Property	Type	Description
`type`	`TokenType`	The type of token
`value`	`string`	Normalized value (lowercase for words)
`original`	`string`	Original text before normalization
`start`	`number`	Start position in original input (0-indexed)
`end`	`number`	End position in original input (exclusive)

Example:

// Input: "Get THE lamp"
// Tokens:
[
  { type: 'WORD', value: 'get', original: 'Get', start: 0, end: 3 },
  { type: 'WORD', value: 'the', original: 'THE', start: 4, end: 7 },
  { type: 'WORD', value: 'lamp', original: 'lamp', start: 8, end: 12 }
]

`TokenType`

Type of token produced by the tokenizer.

type TokenType =
  | 'WORD'
  | 'QUOTED_STRING'
  | 'NUMBER'
  | 'PUNCTUATION'
  | 'WHITESPACE'

Type	Description	Example
`'WORD'`	Alphanumeric word	`get`, `lamp`, `café`
`'QUOTED_STRING'`	Text in quotes	`"hello world"`
`'NUMBER'`	Numeric value	`123`, `42`
`'PUNCTUATION'`	Punctuation character	`.`, `!`, `,`
`'WHITESPACE'`	Whitespace (usually skipped)	, `\t`, `\n`

Position Mapping

Use token positions to map errors back to input:

const input = 'get the unicorn from chest'
const result = parser.parse(input)

if (result.type === 'unknown_noun') {
  const position = result.position

  // Highlight the problem word
  const before = input.slice(0, position)
  const word = result.noun
  const after = input.slice(position + word.length)

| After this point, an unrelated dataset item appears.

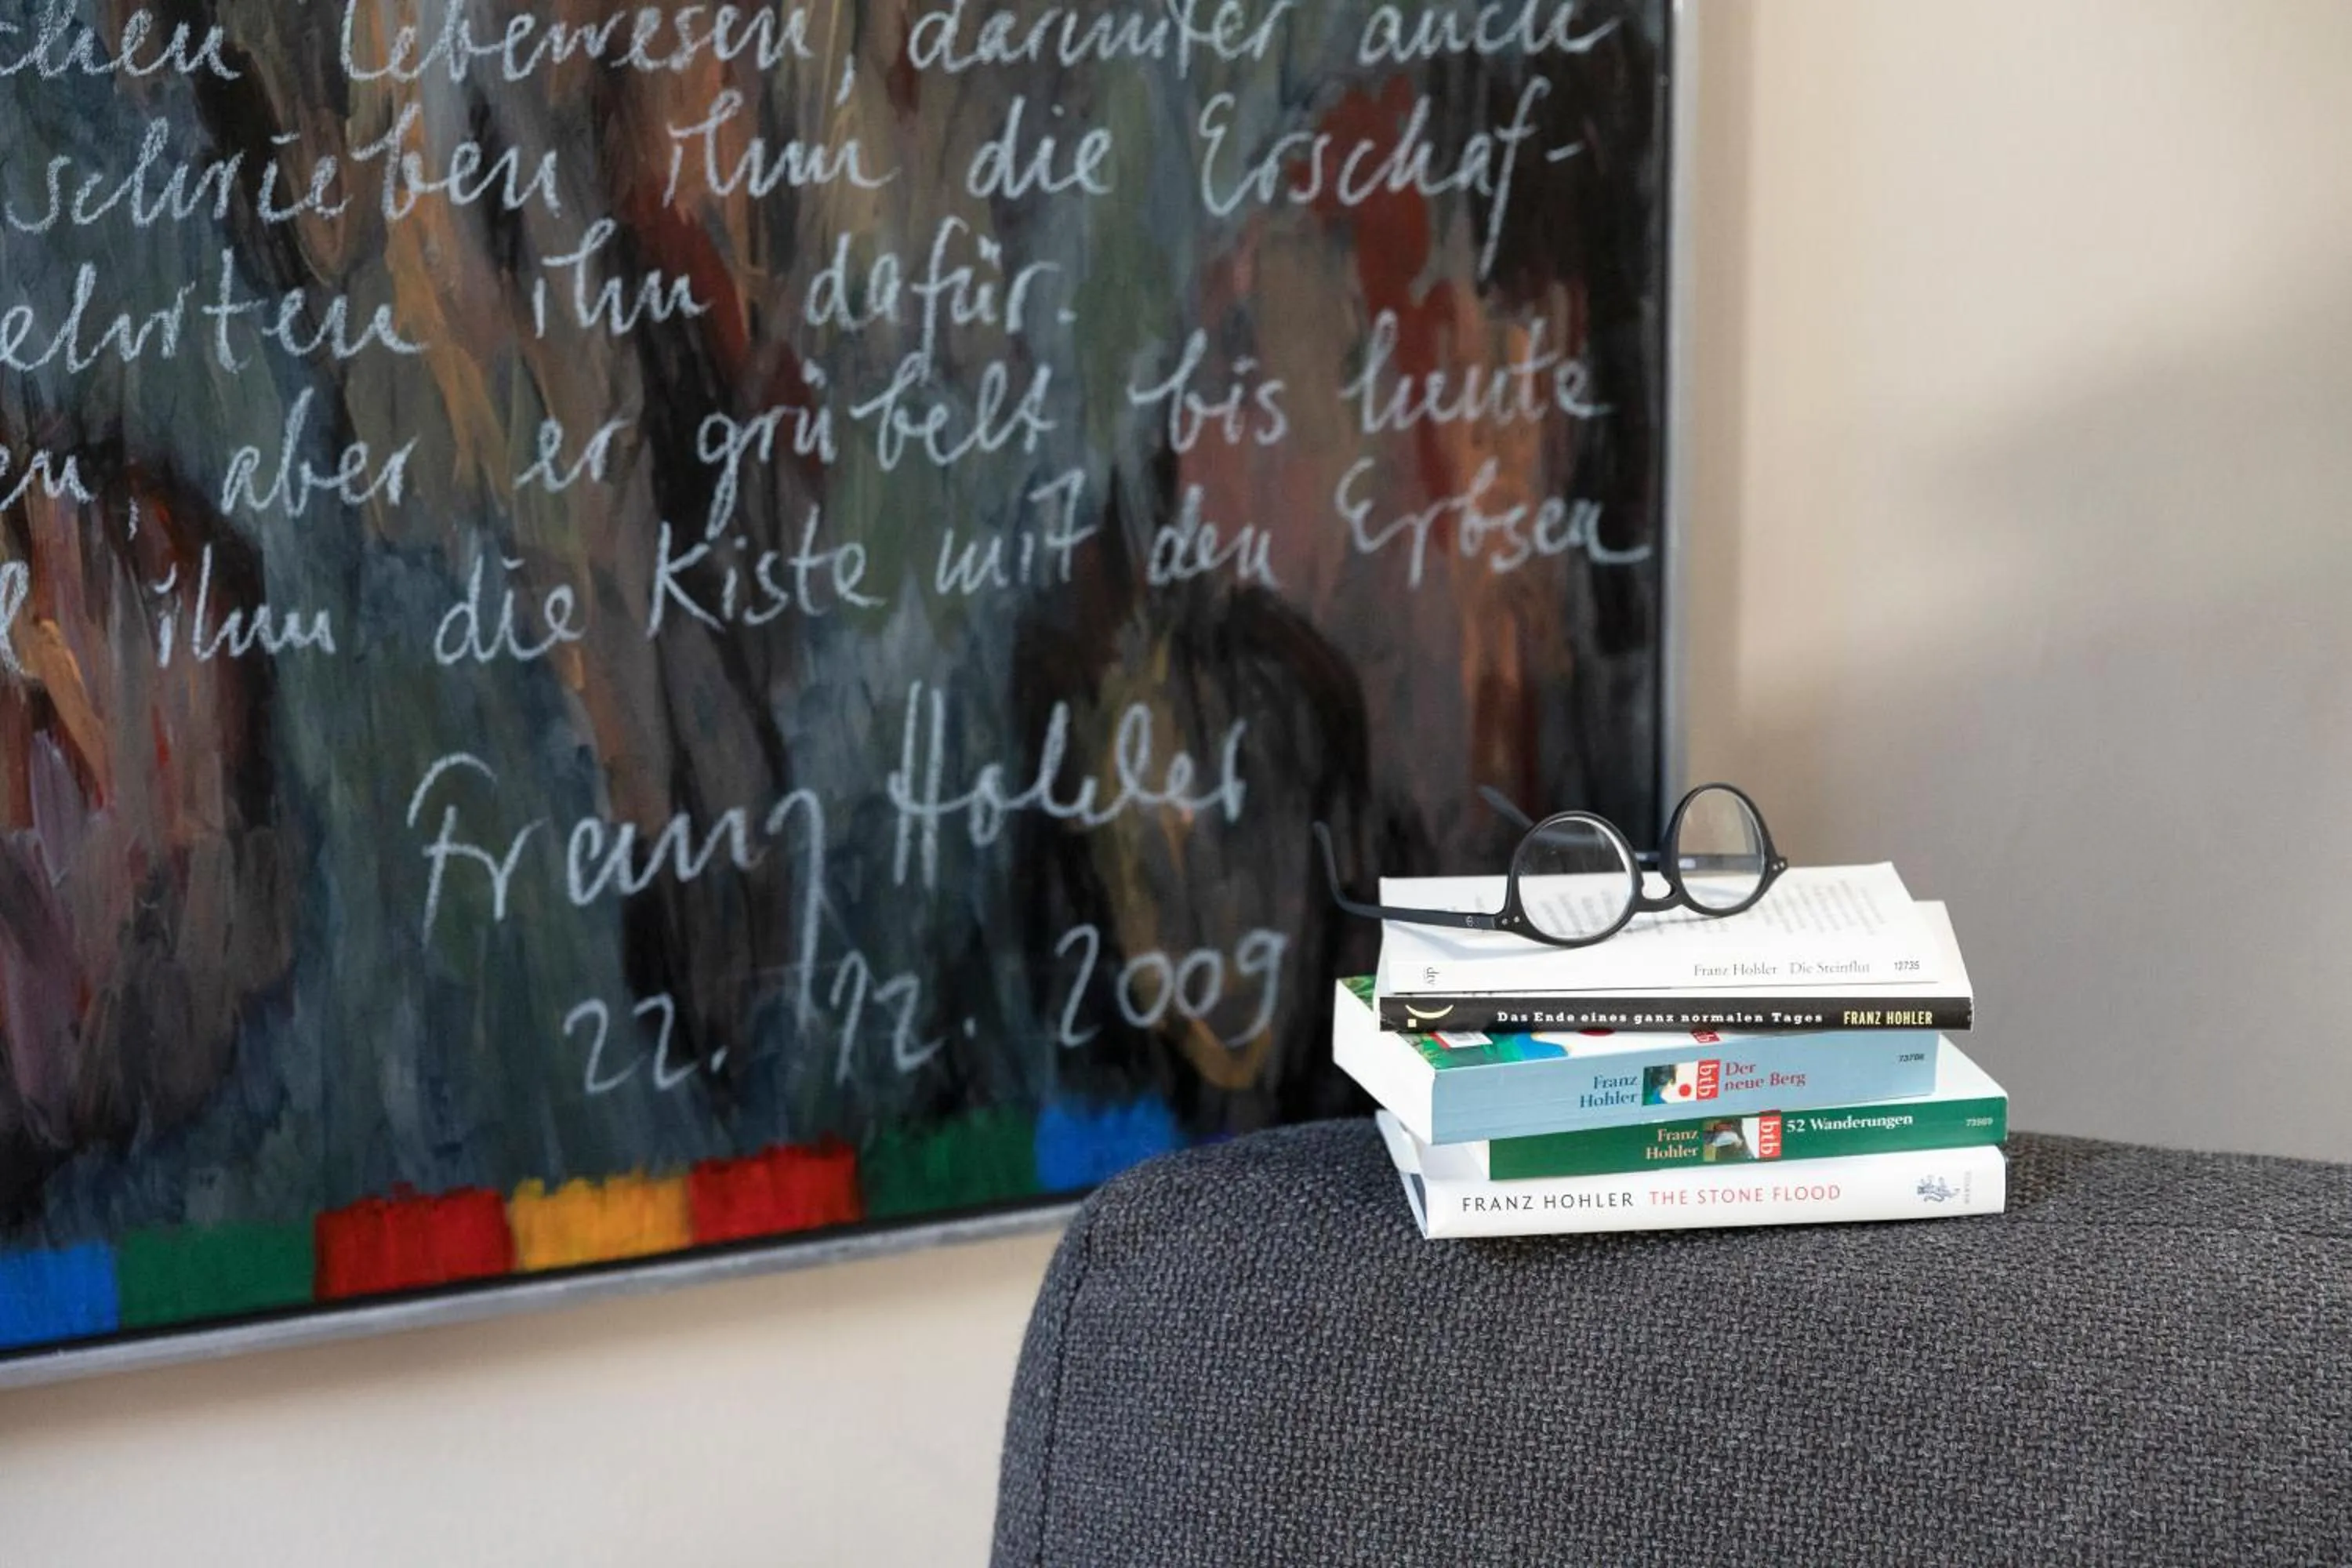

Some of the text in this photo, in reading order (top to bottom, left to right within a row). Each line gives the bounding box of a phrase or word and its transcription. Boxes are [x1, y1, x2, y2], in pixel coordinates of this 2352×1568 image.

  console.log(`${before}[${word}]${after}`)
  // "get the [unicorn] from chest"

  // Or show a caret
  console.log(input)
  console.log(' '.repeat(position) + '^'.repeat(word.length))
  // get the unicorn from chest
  //         ^^^^^^^
}

Tokenization Behavior

Word normalization:

Converted to lowercase
Trailing punctuation stripped
Unicode characters preserved

Quoted strings:

Delimiters: " or '
Escape sequences: \", \', \\
Value excludes quotes

Whitespace:

Tabs, newlines, spaces all treated as separators
Multiple consecutive whitespace collapsed
Not included in token output

Punctuation:

Stripped from word ends
Standalone punctuation skipped
Commas between items don't create lists

Examples:

// Lowercase
"GET LAMP" → [{ value: 'get' }, { value: 'lamp' }]

// Trailing punctuation stripped
"look." → [{ value: 'look' }]

// Quoted strings
'say "Hello!"' → [{ value: 'say' }, { value: 'Hello!', type: 'QUOTED_STRING' }]

// Unicode preserved
"get café" → [{ value: 'get' }, { value: 'café' }]

// Whitespace variations
"get\tlamp" → [{ value: 'get' }, { value: 'lamp' }]
"get\nlamp" → [{ value: 'get' }, { value: 'lamp' }]

Use Cases

Error display: Use position from UnknownNounResult or ParseErrorResult to highlight problems in the original input.

Custom preprocessing: If you need to normalize or transform input before parsing, token positions let you map results back to the original.

Debugging: Understanding tokenization helps diagnose why certain inputs parse unexpectedly.